資料の紹介

 高精度な温度検出回路の設計にまつわる課題は多い。測定対象の熱システムに悪影響を及ぼさないよう、熱設計や電気設計にあたっては、センサーやプリント基板(PCB)の配線パターンから発生する熱を最小限に抑えるように配慮しなければならない。ウエアラブル機器向けの機械的構造を設計する場合は、人体への負担がかからず、堅牢(けんろう)性や信頼性の高さも求められる。

 このように温度検出回路の熱設計、電気設計、機械設計はトレードオフの関係にあるが、その壁を乗り越え、バランスの取れたシステムを実現するためには、推奨される設計ガイドラインに沿った適切な設計方法を採用することが望ましい。また、適切な温度センサー部品を選択することも優れた設計を実現するためには重要となる。

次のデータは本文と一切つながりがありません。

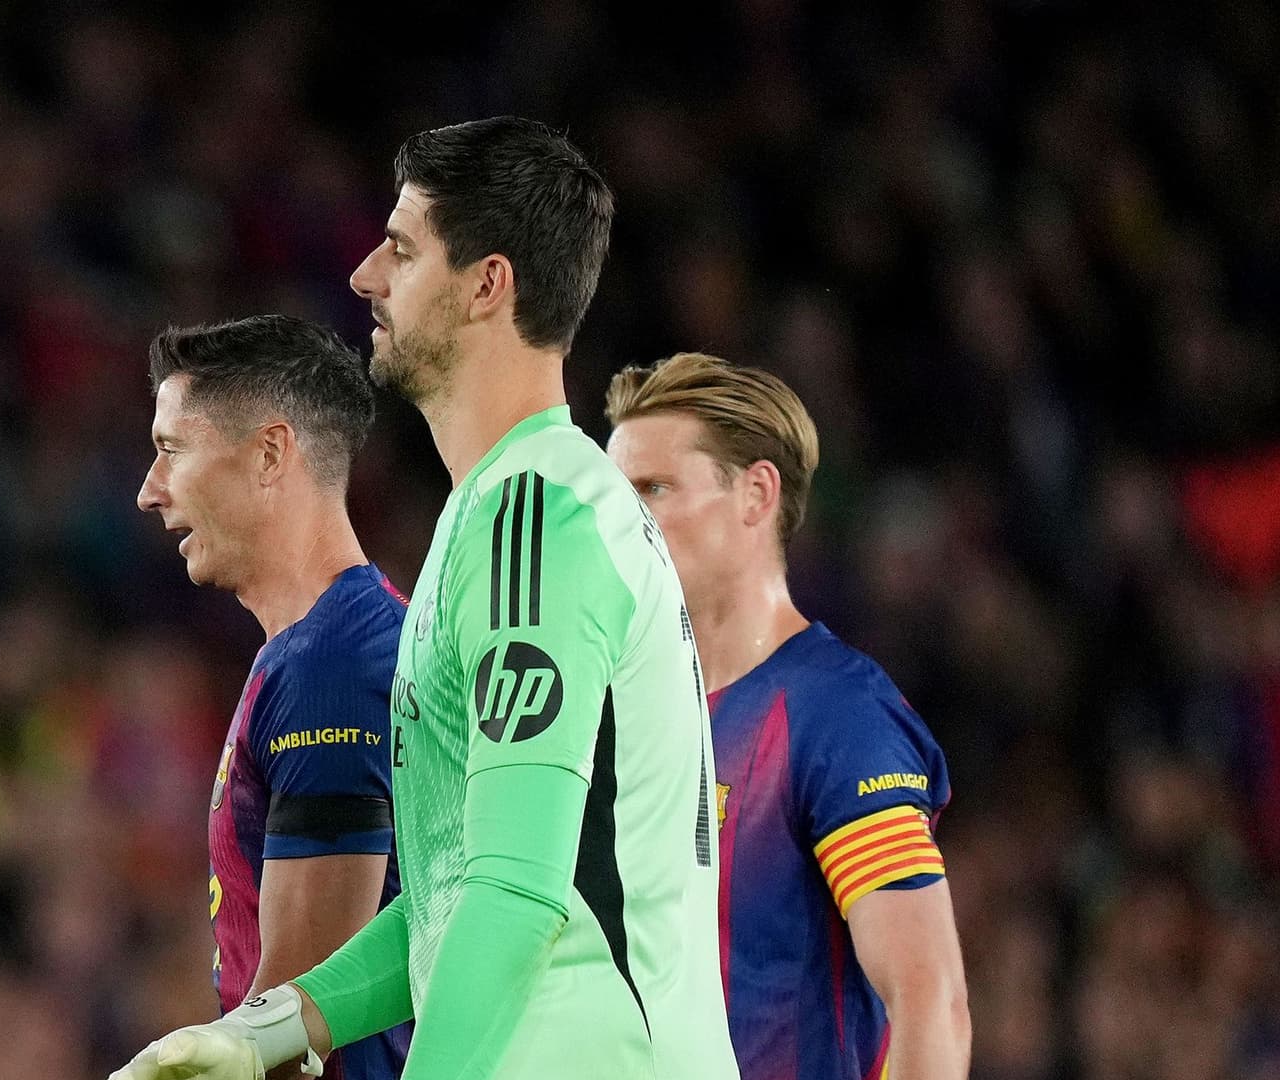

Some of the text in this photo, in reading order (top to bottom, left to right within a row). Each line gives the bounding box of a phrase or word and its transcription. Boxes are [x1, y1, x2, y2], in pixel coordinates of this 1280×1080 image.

[478, 641, 558, 743] hp
[269, 727, 382, 755] AMBILIGHT tv
[857, 772, 929, 797] AMBILIGHT
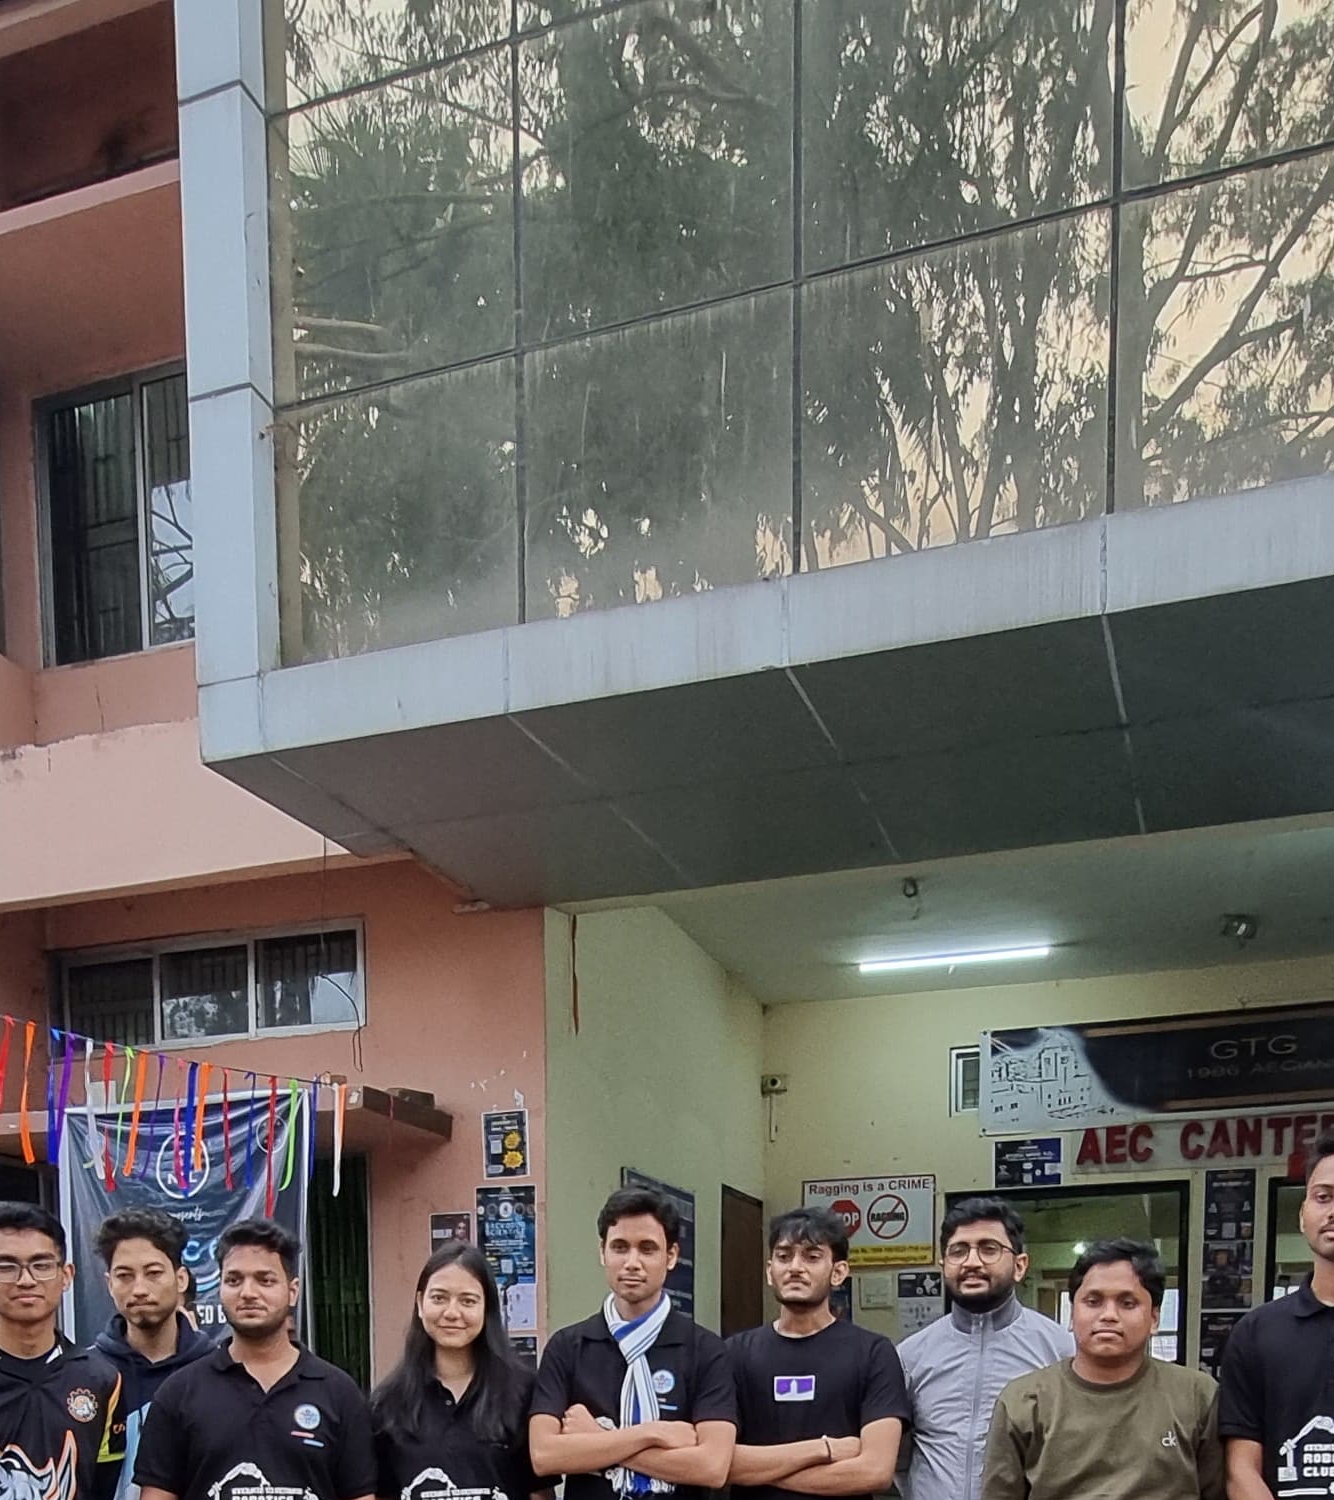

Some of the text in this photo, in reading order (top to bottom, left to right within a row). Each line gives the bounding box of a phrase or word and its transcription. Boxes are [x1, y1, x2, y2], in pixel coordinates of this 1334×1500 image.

[1210, 1034, 1298, 1060] GTG
[1076, 1124, 1154, 1165] AEC
[809, 1184, 859, 1196] Ragging
[863, 1182, 870, 1191] is
[888, 1179, 930, 1190] CRIME

 本資料では、ウエアラブル機器における高精度な伝熱アプリケーションを設計する際に考慮すべき事項について解説する。深部体温測定用のウエアラブル機器の開発を例に、米テキサスA&M大学の協力を得て、高精度な温度検出器の設計に関するガイドラインとしてまとめている。ウエアラブル熱検出デバイス開発に適した低電力な高精度温度センサー製品も紹介する。